Safe Reinforcement Learning Using Robust MPC
Mario Zanon, Sébastien Gros
TL;DR
This paper tackles safety in reinforcement learning by integrating robust model predictive control (MPC) as a function-approximation mechanism within RL. The authors introduce Safe RL-MPC, which uses a tube-based robust MPC with a parametrizable uncertainty set and a Safe Design Constraint to guarantee constraint satisfaction during both learning and deployment. Key contributions include a data-efficient approach to manage large data streams via a nominal linear model and convex-hull data compression, a differentiable MPC scheme for gradient-based RL updates, and algorithms for safe exploration and recursive feasibility. The framework is demonstrated on a linear system and a nonlinear evaporation process, showing how RL can adapt the uncertainty set and the MPC parameters to improve performance while preserving safety.

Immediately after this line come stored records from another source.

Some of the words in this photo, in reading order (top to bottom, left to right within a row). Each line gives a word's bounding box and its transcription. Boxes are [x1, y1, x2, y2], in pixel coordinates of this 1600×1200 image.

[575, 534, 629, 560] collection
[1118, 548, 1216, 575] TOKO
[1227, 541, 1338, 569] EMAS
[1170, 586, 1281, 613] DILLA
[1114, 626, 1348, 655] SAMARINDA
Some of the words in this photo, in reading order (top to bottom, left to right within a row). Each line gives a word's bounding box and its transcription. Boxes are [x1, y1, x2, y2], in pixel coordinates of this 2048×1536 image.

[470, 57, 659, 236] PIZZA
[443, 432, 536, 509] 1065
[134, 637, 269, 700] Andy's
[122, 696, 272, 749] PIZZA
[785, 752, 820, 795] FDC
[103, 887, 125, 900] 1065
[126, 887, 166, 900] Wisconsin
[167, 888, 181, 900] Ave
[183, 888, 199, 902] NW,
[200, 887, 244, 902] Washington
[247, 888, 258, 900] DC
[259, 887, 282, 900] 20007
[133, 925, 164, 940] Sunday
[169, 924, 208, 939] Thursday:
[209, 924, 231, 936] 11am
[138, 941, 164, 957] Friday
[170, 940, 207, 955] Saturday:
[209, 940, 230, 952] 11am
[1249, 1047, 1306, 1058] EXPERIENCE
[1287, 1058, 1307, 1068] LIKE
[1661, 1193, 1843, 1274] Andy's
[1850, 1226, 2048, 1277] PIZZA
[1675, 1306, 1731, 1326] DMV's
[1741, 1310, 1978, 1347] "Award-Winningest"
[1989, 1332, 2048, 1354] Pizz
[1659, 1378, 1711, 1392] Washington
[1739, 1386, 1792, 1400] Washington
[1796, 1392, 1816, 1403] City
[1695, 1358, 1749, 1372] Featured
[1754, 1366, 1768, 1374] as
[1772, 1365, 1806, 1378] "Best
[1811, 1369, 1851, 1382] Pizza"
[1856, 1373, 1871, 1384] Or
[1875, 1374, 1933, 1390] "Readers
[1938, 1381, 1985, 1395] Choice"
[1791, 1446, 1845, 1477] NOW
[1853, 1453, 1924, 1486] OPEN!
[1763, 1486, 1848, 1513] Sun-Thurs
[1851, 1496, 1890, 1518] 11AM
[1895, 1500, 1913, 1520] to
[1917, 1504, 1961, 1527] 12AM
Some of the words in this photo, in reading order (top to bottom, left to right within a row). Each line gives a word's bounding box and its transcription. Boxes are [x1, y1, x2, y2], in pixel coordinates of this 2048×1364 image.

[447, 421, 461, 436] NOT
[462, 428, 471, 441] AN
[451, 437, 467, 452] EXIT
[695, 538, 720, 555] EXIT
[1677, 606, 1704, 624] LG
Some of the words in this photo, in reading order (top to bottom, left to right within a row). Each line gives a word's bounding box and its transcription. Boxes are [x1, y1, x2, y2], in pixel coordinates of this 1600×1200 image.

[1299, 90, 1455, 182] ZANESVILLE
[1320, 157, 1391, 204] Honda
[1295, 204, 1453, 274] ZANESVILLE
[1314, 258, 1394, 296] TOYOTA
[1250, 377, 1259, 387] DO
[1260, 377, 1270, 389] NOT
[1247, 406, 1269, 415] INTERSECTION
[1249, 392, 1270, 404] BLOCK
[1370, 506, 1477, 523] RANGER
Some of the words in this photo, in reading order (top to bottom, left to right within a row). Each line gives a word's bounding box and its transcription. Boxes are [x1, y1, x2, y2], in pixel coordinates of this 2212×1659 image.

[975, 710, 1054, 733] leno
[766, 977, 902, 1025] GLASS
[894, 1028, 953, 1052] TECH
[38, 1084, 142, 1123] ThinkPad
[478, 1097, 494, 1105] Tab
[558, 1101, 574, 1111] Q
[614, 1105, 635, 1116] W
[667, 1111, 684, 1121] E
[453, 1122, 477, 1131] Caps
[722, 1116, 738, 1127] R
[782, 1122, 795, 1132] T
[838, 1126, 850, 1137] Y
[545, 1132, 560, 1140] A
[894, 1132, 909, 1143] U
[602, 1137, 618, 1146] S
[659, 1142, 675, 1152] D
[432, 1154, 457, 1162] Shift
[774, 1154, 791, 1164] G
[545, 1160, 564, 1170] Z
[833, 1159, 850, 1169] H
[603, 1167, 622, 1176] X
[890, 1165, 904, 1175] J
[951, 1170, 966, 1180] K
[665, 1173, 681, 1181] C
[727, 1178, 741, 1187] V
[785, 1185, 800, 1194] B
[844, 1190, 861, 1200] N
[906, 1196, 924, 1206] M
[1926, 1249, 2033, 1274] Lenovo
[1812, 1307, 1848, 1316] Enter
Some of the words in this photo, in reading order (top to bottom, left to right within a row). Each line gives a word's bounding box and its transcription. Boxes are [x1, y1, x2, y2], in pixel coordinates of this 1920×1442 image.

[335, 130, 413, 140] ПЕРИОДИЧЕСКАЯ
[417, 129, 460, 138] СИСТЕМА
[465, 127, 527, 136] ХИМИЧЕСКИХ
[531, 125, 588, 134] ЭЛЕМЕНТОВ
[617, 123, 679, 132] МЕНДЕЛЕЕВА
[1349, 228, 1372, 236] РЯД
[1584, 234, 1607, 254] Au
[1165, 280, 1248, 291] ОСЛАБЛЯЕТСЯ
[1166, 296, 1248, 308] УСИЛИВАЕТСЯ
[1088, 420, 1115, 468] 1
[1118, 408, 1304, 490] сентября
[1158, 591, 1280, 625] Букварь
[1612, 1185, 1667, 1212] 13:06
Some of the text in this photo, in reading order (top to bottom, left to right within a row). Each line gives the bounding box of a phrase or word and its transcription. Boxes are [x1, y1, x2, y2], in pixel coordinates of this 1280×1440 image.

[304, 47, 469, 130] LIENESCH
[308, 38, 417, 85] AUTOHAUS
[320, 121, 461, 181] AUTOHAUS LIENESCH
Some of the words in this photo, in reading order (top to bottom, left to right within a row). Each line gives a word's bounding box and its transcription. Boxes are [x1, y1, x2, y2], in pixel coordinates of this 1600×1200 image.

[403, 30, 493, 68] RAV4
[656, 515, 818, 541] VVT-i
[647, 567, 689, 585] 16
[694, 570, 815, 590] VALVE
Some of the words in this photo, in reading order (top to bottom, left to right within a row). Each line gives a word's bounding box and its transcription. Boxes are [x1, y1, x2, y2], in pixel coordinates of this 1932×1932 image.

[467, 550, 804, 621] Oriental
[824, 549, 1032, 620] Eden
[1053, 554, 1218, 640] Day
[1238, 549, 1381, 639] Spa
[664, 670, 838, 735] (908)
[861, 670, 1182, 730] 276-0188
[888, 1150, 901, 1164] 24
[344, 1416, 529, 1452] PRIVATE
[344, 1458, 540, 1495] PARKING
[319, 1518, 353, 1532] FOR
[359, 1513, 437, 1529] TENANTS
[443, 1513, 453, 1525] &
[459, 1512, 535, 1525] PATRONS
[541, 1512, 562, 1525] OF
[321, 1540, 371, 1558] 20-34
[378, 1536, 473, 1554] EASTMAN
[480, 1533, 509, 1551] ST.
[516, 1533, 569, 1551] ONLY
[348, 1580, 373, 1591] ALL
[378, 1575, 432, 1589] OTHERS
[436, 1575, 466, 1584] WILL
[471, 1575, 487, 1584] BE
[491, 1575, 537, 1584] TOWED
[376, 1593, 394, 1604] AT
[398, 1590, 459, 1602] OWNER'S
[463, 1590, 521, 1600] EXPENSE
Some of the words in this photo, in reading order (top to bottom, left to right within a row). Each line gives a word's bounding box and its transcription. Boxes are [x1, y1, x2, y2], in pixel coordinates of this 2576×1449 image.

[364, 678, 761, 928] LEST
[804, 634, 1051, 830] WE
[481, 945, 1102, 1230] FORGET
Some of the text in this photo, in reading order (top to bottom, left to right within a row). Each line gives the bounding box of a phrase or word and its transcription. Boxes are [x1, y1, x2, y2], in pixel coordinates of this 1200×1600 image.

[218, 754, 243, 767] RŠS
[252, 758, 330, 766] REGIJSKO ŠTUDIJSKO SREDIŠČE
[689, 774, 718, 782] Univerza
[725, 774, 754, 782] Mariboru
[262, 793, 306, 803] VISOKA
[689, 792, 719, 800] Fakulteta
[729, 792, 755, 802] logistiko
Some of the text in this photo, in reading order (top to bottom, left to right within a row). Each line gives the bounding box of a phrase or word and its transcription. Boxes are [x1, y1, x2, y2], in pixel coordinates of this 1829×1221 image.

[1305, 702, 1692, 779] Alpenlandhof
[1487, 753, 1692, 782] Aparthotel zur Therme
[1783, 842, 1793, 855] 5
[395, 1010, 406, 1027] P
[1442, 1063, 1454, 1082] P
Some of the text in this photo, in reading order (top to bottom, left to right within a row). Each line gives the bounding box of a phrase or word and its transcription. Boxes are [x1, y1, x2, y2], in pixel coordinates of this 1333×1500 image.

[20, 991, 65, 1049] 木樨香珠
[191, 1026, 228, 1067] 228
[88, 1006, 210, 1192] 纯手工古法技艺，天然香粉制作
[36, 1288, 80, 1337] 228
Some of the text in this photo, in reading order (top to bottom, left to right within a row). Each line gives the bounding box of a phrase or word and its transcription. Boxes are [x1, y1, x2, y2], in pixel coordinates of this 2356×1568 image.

The work provides a foundation for extending safe RL with scenario trees, stochastic gradients, and hybrid cost formulations for broader real-world applications.
Abstract
Reinforcement Learning (RL) has recently impressed the world with stunning results in various applications. While the potential of RL is now well-established, many critical aspects still need to be tackled, including safety and stability issues. These issues, while partially neglected by the RL community, are central to the control community which has been widely investigating them. Model Predictive Control (MPC) is one of the most successful control techniques because, among others, of its ability to provide such guarantees even for uncertain constrained systems. Since MPC is an optimization-based technique, optimality has also often been claimed. Unfortunately, the performance of MPC is highly dependent on the accuracy of the model used for predictions. In this paper, we propose to combine RL and MPC in order to exploit the advantages of both and, therefore, obtain a controller which is optimal and safe. We illustrate the results with a numerical example in simulations.